#### Exercise objective
Your reply should hold every entry below exactly as written and none of the pictures.

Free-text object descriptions

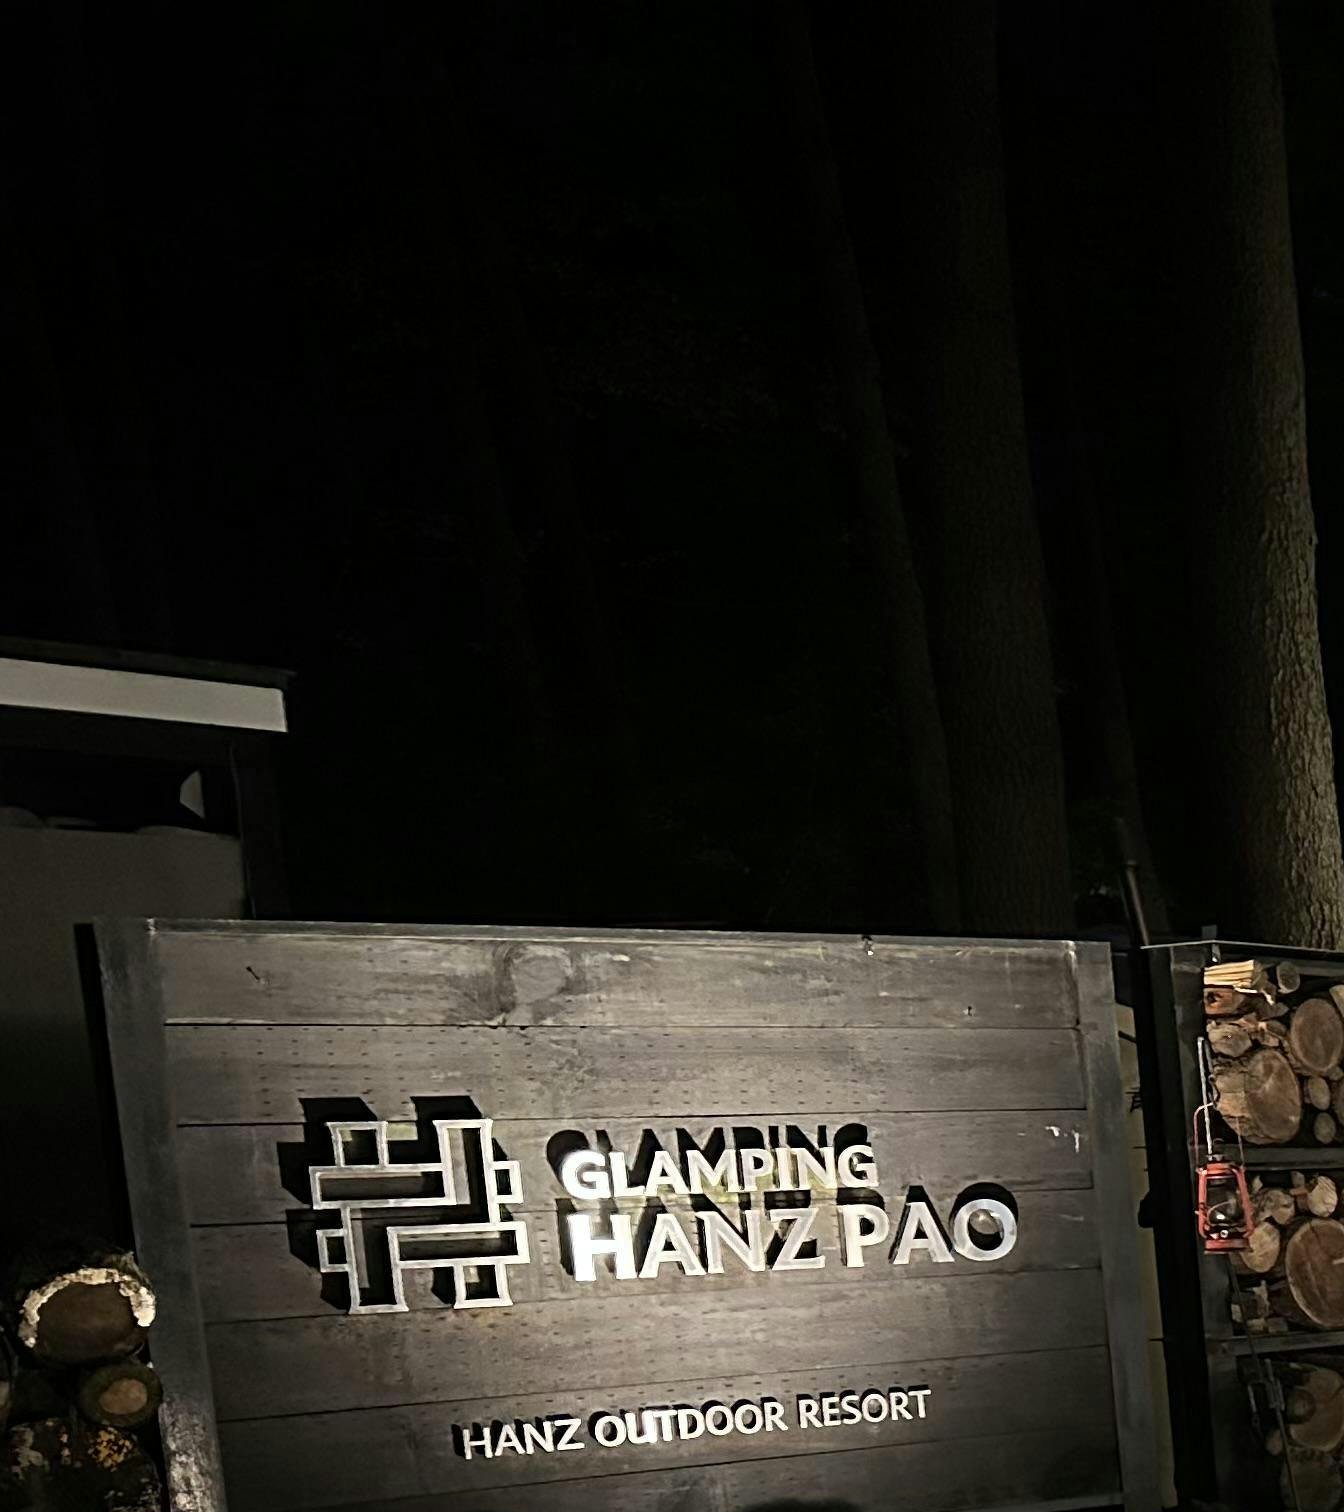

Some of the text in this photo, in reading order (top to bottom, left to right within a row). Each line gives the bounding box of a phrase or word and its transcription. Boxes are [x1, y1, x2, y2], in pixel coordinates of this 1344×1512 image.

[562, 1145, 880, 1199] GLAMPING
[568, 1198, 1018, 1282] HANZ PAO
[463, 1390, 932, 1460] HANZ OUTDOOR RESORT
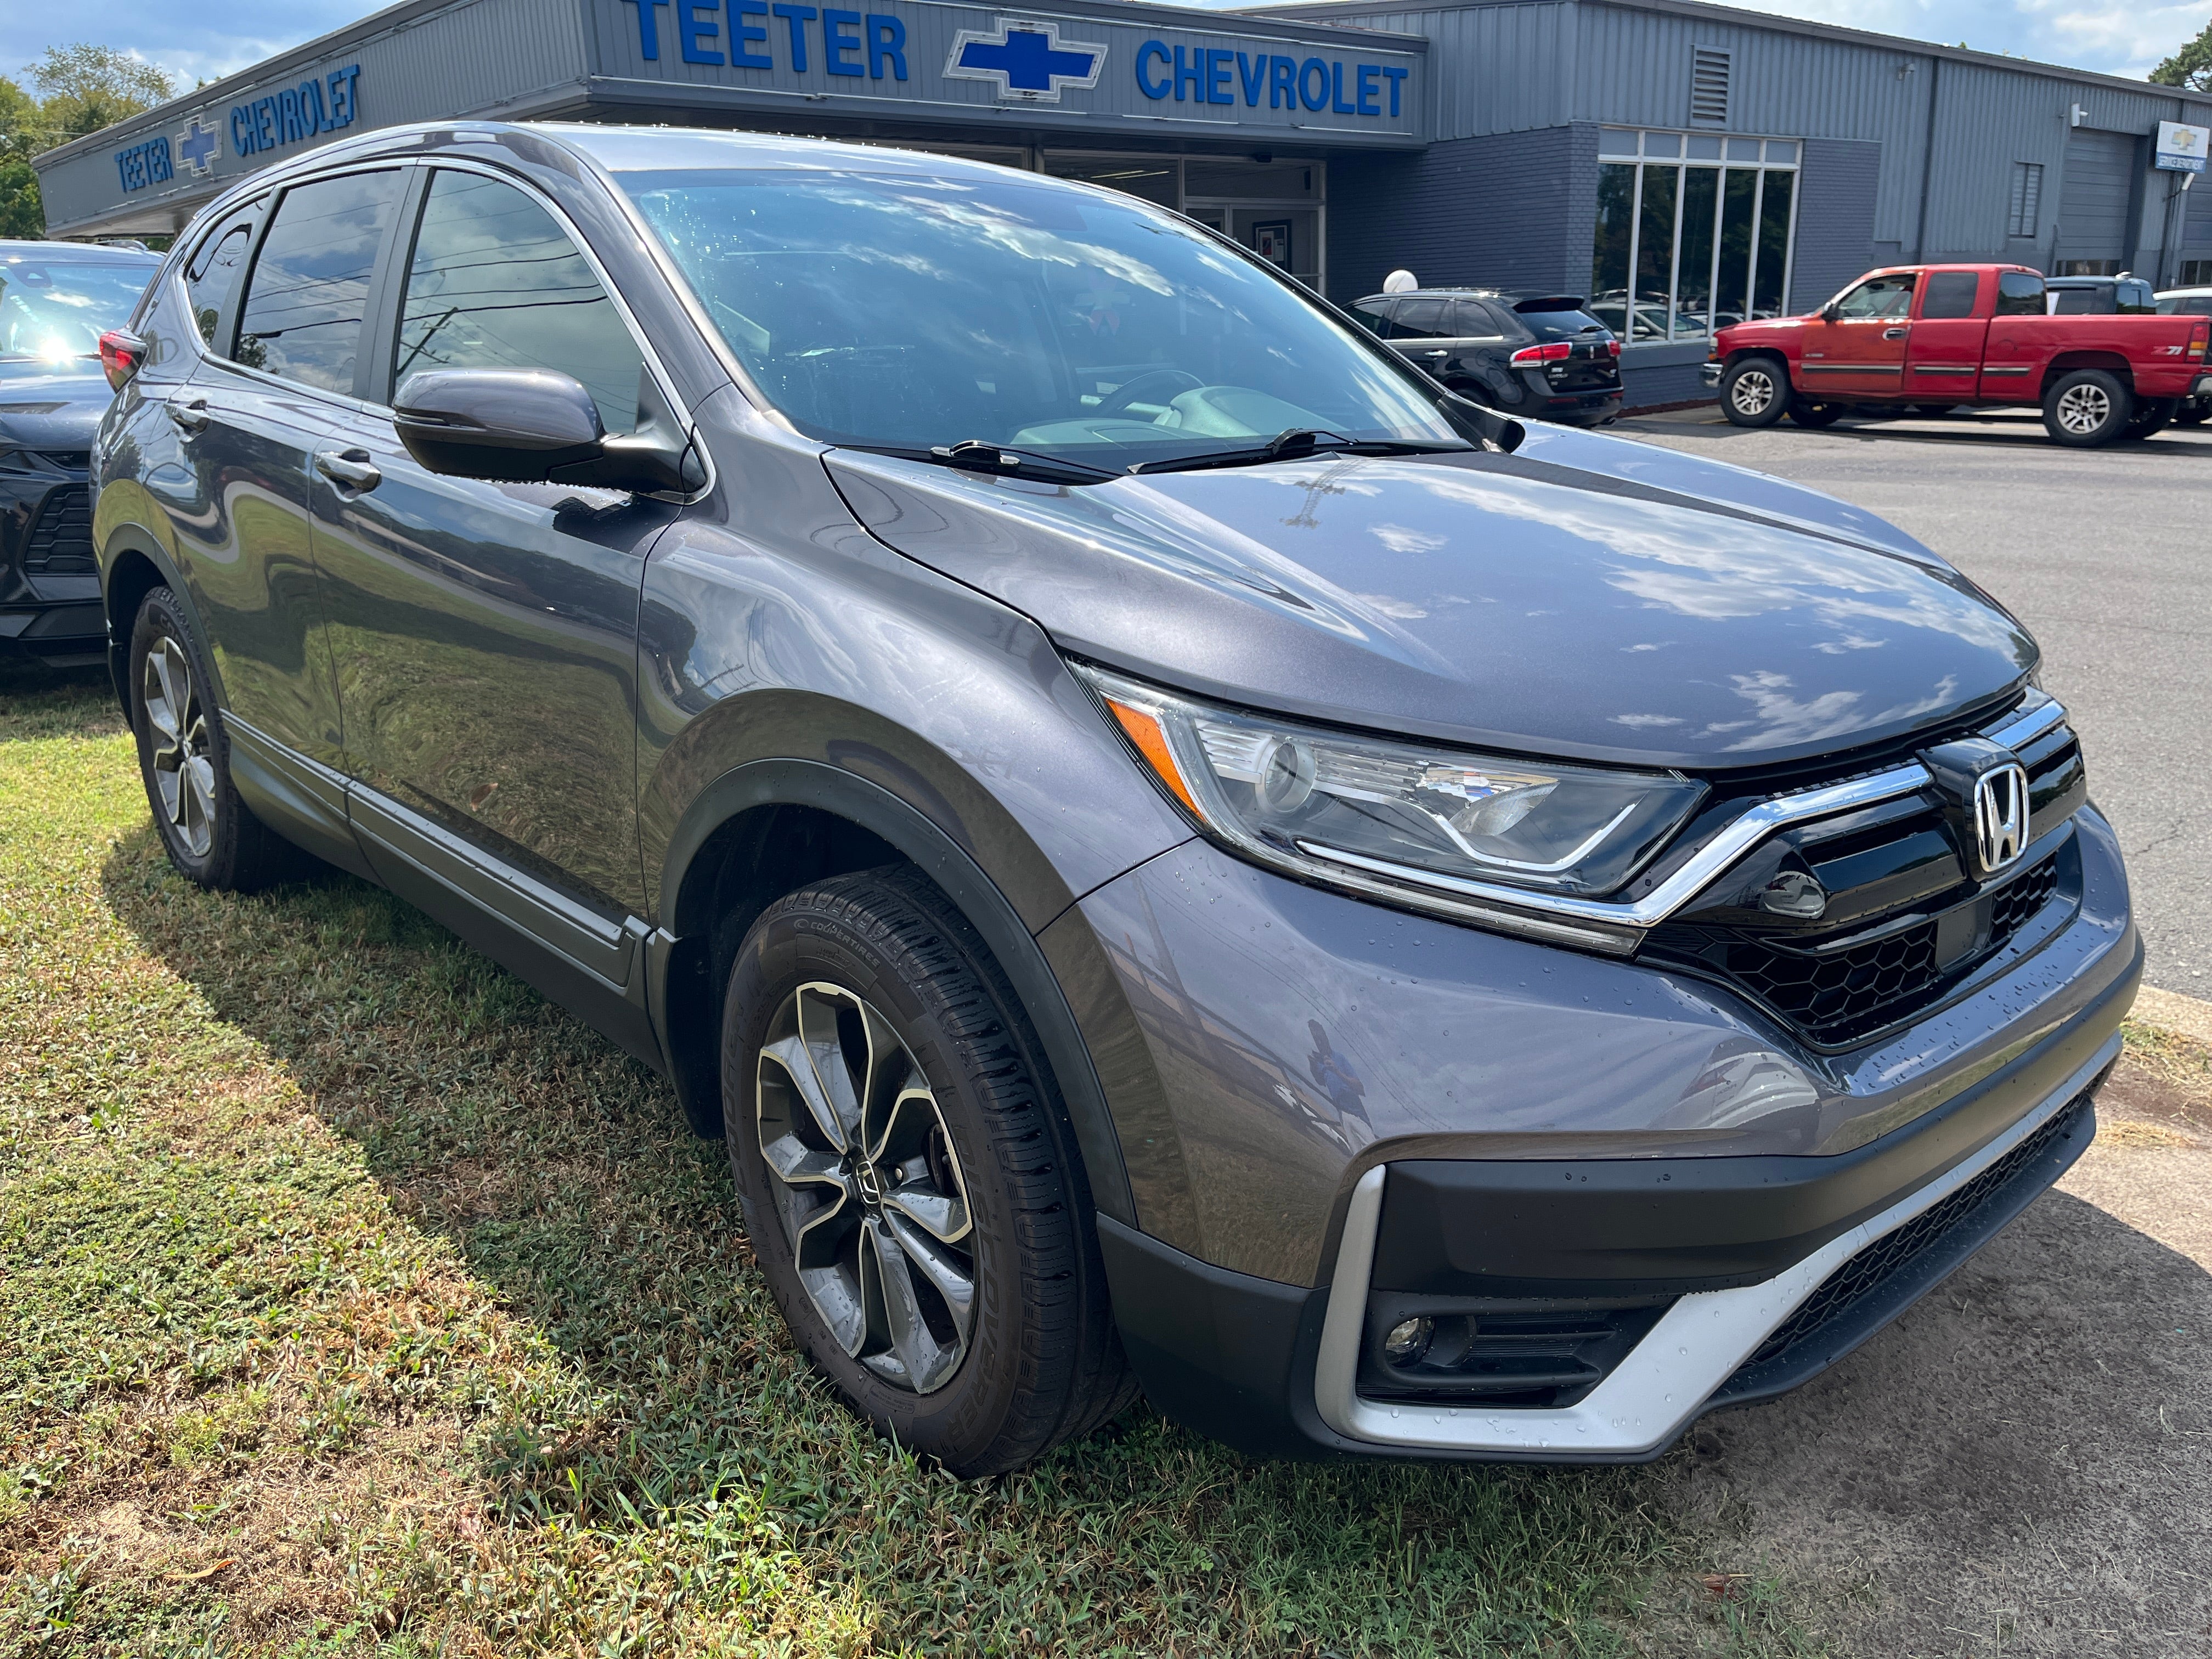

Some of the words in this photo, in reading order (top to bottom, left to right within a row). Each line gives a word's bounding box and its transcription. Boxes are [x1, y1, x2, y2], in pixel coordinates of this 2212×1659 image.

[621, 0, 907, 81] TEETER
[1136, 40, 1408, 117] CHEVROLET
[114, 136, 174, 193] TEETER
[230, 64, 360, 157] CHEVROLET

#### Response to the exercise
Some of the text in this photo, in reading order (top to bottom, left to right within a row). Each line gives the bounding box of a phrase or word and its transcription. Boxes are [x1, y1, x2, y2], in pixel coordinates of this 1344×1512 image.

[562, 1145, 880, 1199] GLAMPING
[568, 1198, 1018, 1282] HANZ PAO
[463, 1390, 932, 1460] HANZ OUTDOOR RESORT

Some of the words in this photo, in reading order (top to bottom, left to right within a row). Each line gives a word's bounding box and its transcription. Boxes are [x1, y1, x2, y2], in pixel coordinates of this 2212×1659 image.

[621, 0, 907, 81] TEETER
[1136, 40, 1408, 117] CHEVROLET
[114, 136, 174, 193] TEETER
[230, 64, 360, 157] CHEVROLET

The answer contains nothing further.